Diambars started at the regional championships, after being the best in regional divisions, Diambars elevated to a professional status in 2009. Diambars came up to the national divisions, then to National 1, Diambars promoted itself to Ligue 2 and in 2011 promoted to Ligue 1 for the first time where they remain into the present day. Their first season was placed in Group A and finished first with 26 points and 8 wins, the goal totals of 18 was shared with Ouakam, the highest. In the final phase, Diambars was placed second behind Casa Sports. In their second season in Ligue 1, they achieved their only championship title for 2013, Diambars finished with 52 points (club record) and had 14 wins and scored the most goals numbering 42. In 2014, they were 9th, Djambars was 4th in the 2015–16 season with 38 points and third in goal scoring numbering 30. Diambars won their only League Cup title for 2016. Diambars made their 6th Ligue 1 appearance in October 2016, Diambars had a rough start for the 2016-17 season starting 13th in the first round, but slowly headed to the top positions, 4th in the 4th round, then 2nd at the 10th round and held it for two weeks, their positions later dropped to 6th at the 17th round and regained it and finished at a slightly better position of 3rd place, behind the newcomer Génération Foot and well known Guédiawaye but a position ahead of the nation's greatest club Diaraf (or Jaraaf). Diambars had 40 points which was a point more than Djaraf and 10 wins and draws.

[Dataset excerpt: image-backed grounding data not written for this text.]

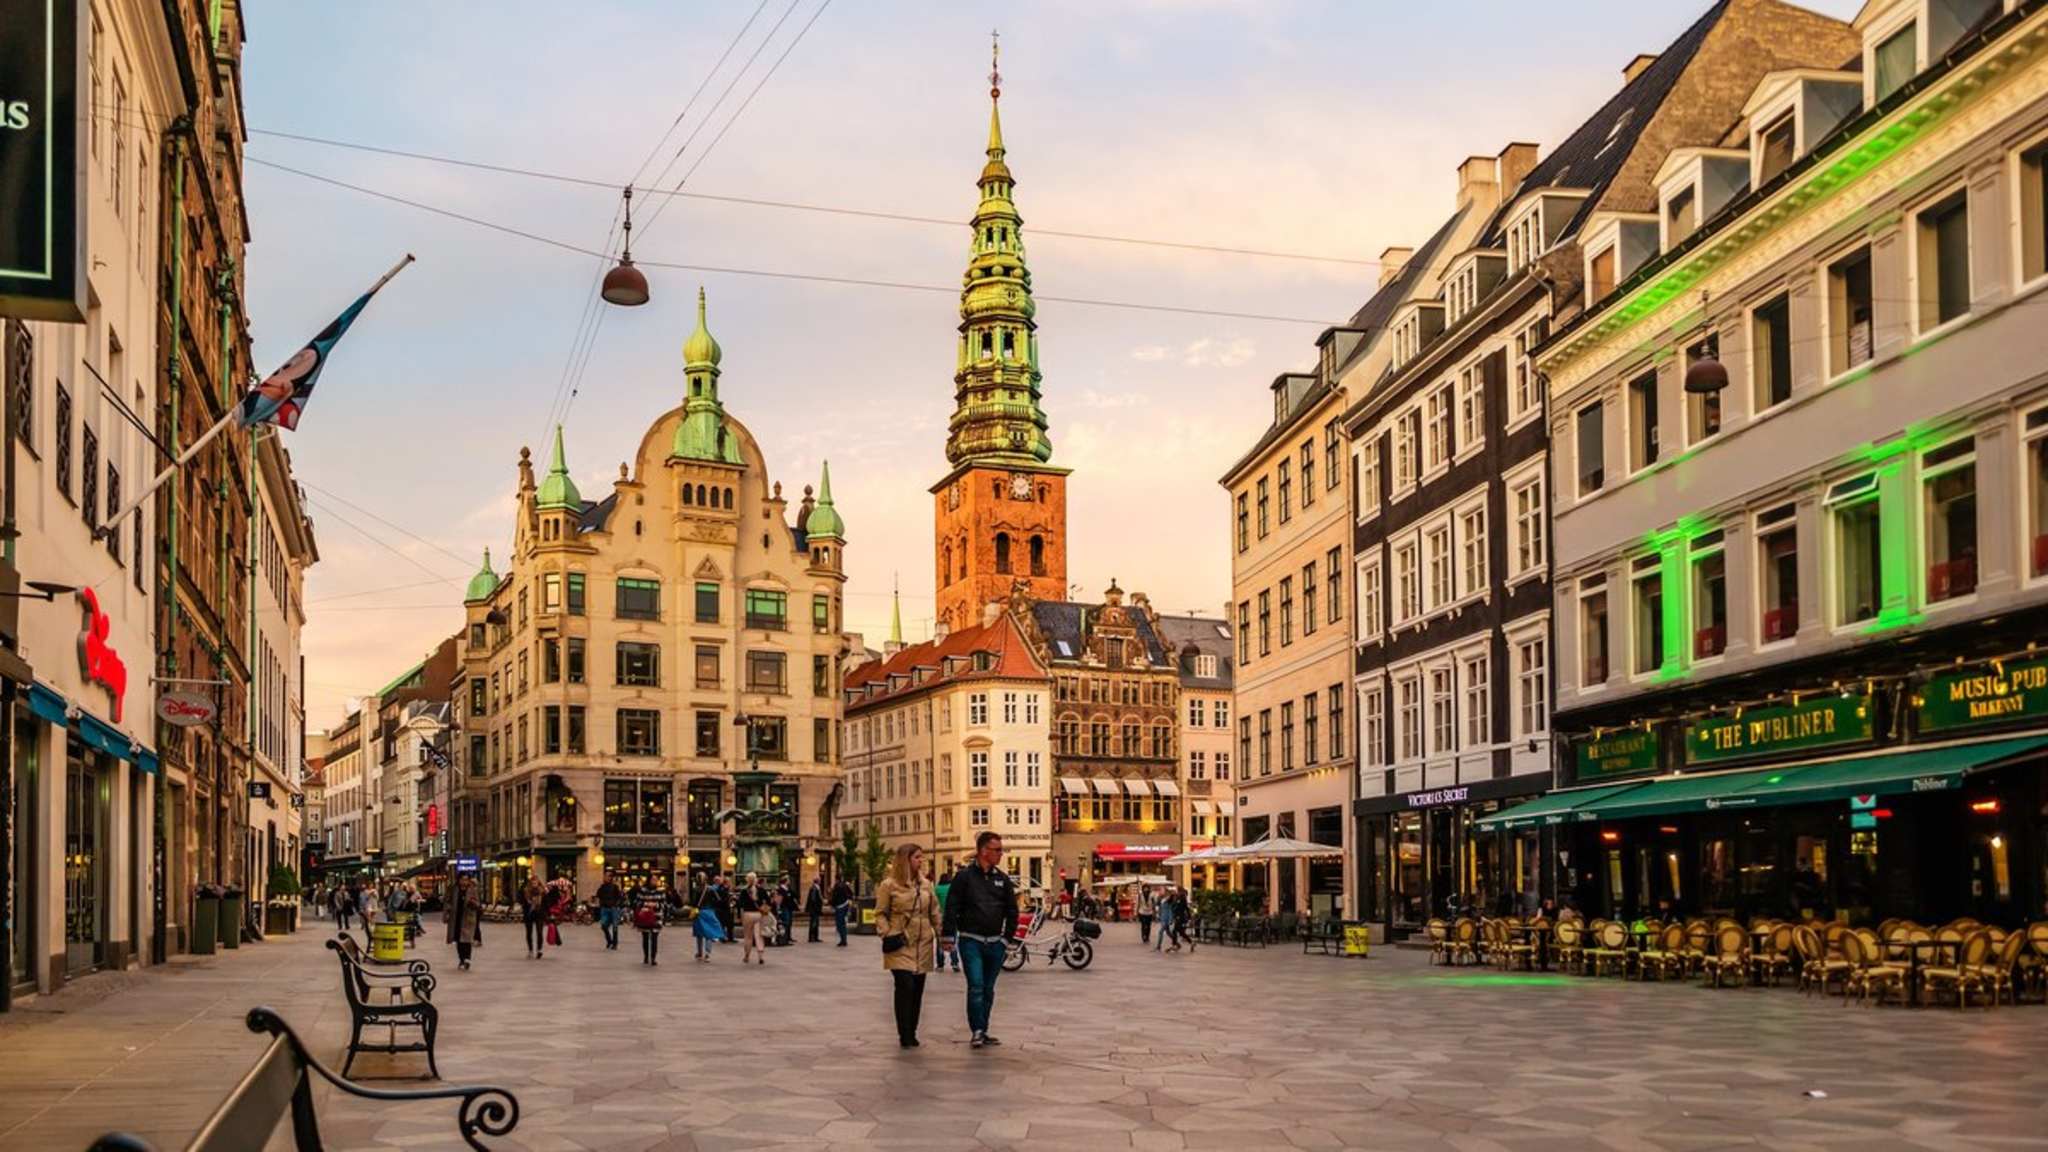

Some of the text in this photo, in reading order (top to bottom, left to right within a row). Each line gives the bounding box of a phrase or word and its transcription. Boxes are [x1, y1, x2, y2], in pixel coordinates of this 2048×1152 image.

[1950, 666, 2047, 701] MUSIC PUB
[163, 698, 210, 720] Disney
[1969, 694, 2024, 719] KILKENNY
[1713, 709, 1835, 750] THE DUBLINER
[1443, 787, 1468, 803] SECRET
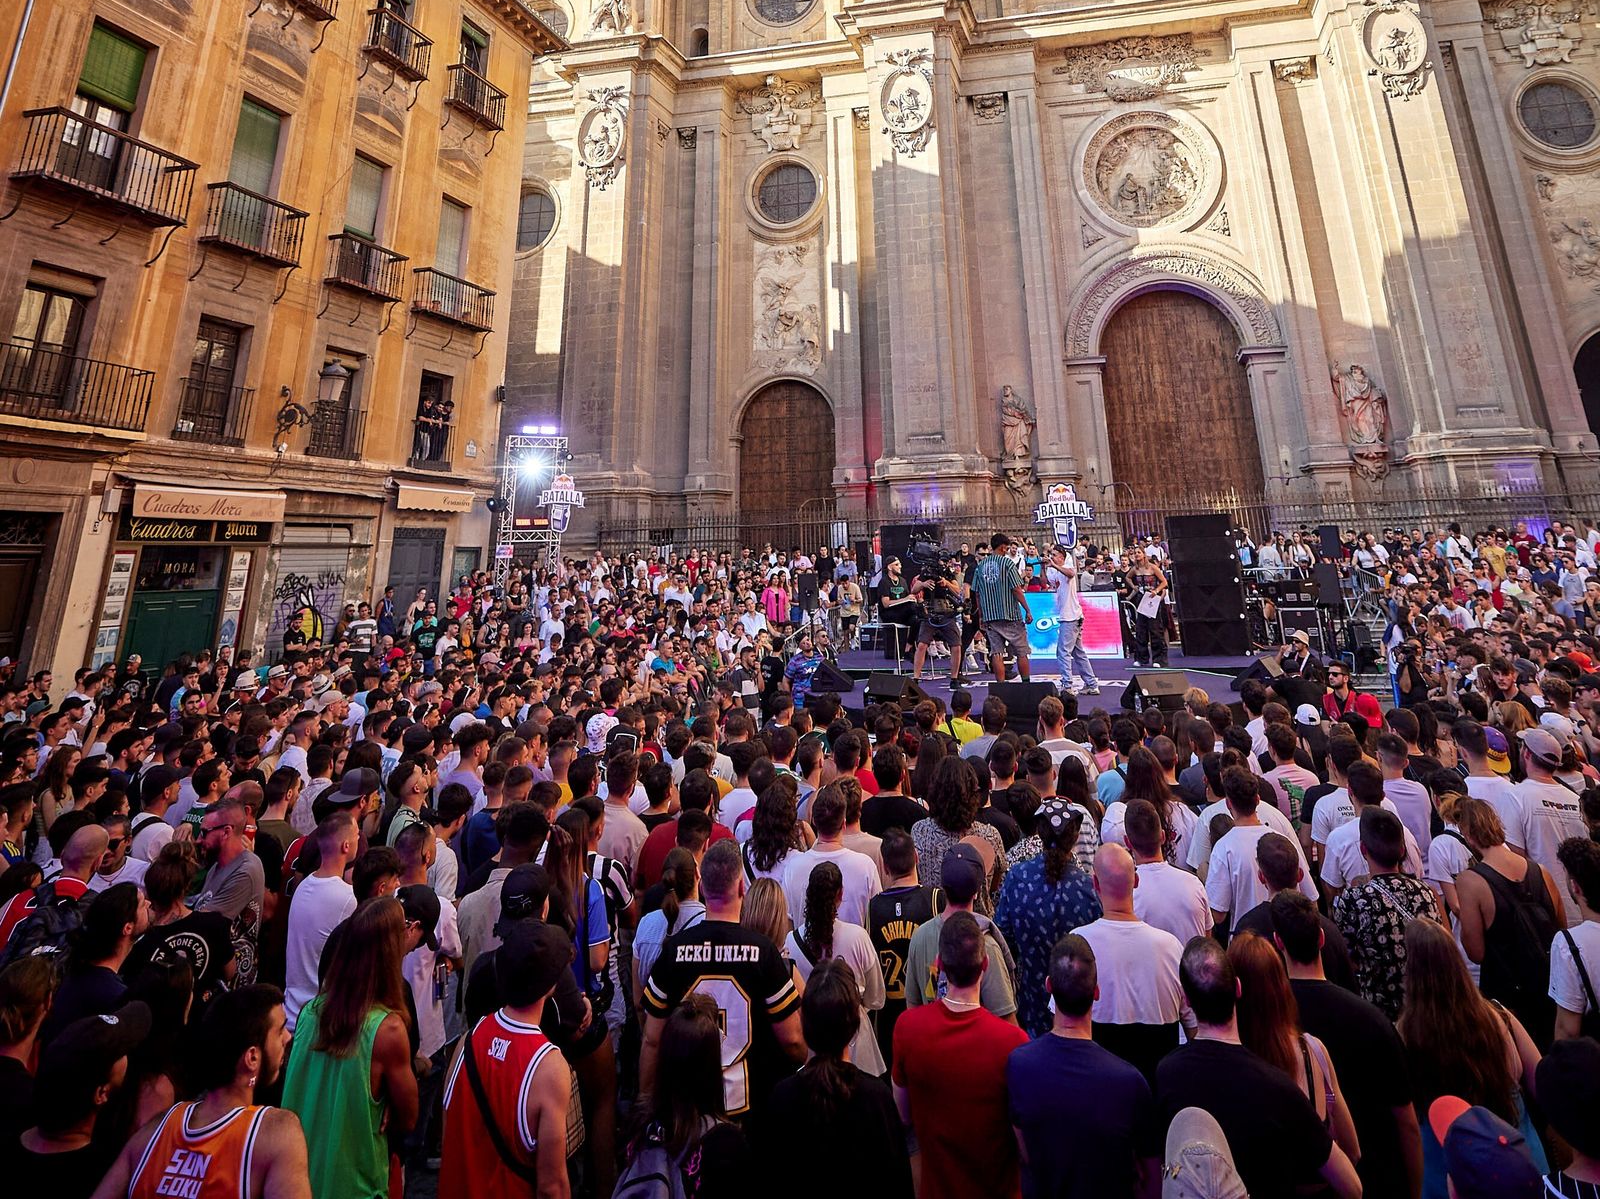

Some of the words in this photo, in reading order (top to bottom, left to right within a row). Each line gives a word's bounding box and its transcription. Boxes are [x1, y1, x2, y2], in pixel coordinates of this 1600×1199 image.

[143, 493, 201, 515] Cuadros
[203, 497, 242, 516] Mora
[543, 491, 580, 503] BATALLA
[1041, 502, 1086, 517] BATALLA
[130, 518, 197, 539] Cuadros
[225, 521, 258, 539] Mora
[163, 562, 196, 574] MORA
[168, 938, 194, 949] STONE
[191, 942, 206, 968] CREW
[714, 944, 760, 963] UNLTD
[165, 1148, 213, 1179] SON
[156, 1175, 203, 1199] GOKU

Diambars' best players of the club especially in its early years included Pape Souaré, Idrissa Gueye, Kara Mbodj, Saliou Ciss, Omar Wade, Badou (Papa Alioune Ndiaye), Vieux Sané and Serigne Kara. Serigné Kara later signed a deal with Tromsø IL on 17 February 2010 and became the first Senegalese (and probably West African) to play both in Tromsø and a team based north of the Arctic Circle. Salou Ciss later signed and played with that club and was the second Senegalese to play with a Tromsø based club.

===Continental competition===
The club made its only appearance at the continental Champions League in 2014. There, Djambars played ASFA Yennenga to a 1–1 draw before losing 2–4 on penalty kicks.

==Logo and uniform==
Its team logo are crimson and black, the footballer (soccer player) is coloured black and its rim edges are in crimson. The letters "Di", "mb", "rs" is coloured black while the two as are in crimson.

Its home uniform color has a red or crimson t-shirt and socks with white rims on top of the sleeves and black shorts with a white rim. Its away uniform are all in white with rims on top of the t-shirt, two around the collar and another two on its sleeves and on its shorts.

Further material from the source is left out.